I don't think we're quite at that stage of a totalitarian-like state quite yet, but an atmosphere where such things could become a daily worry may not be that far over the horizon.

Something upon which to chew, indigestible as it may be!

There's a good run-down of the situation in this video interview : Jake Tapper and Glenn Greenwald on CNN (around 14 mins)




For any passing astrology buffs, here's a natal chart (12 noon version) for Edward Snowden constructed using birth data given by Wikipedia - "The army did confirm Snowden's date of birth: June 21, 1983." Place of birth stated is Elizabeth City, but that's not an option on my software so I've used the nearest place available.
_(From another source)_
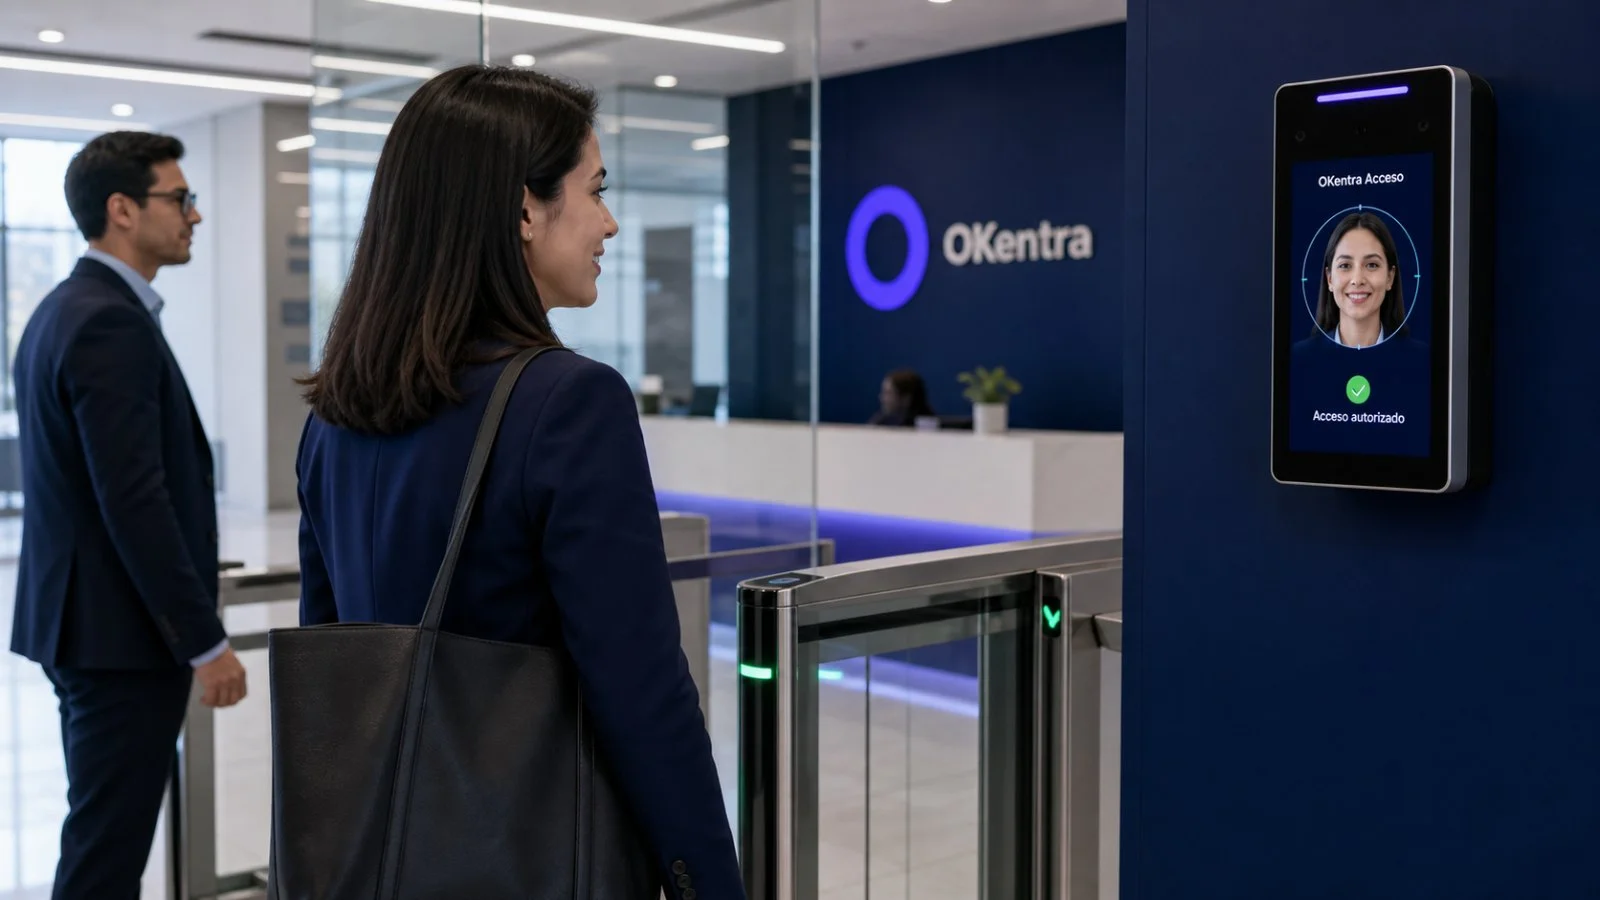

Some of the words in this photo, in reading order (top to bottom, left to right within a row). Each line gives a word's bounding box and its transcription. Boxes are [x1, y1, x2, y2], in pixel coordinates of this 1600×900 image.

Snowden has lots of Air in his chart, unlike Greenwald : 3 Gemini planets and 2 in Libra. 3 in Sagittarius (Fire), with Uranus conjunct Jupiter - I'd bet on that conjunction as his "daring" trade mark. Natal Moon will be in Scorpio whatever his time of birth - between around 10 and 23 degrees. Whichever, transiting Saturn is heading that way, indicating some kind of restriction or limitation in his future. It's actually already happening, so his time of birth was likely to be earlier in the day rather than later, I think.

Pluto conjunct Saturn in Libra form an harmonious trine to his Sun and Mars in Gemini, blending a passionate, almost obsessive draw to legal matters (in this case Constitutionality?)with his naturally energetic and communicative core personality.

"Star" and key element of his chart, in the circumstances, for me has to be Uranus conjunct Jupiter.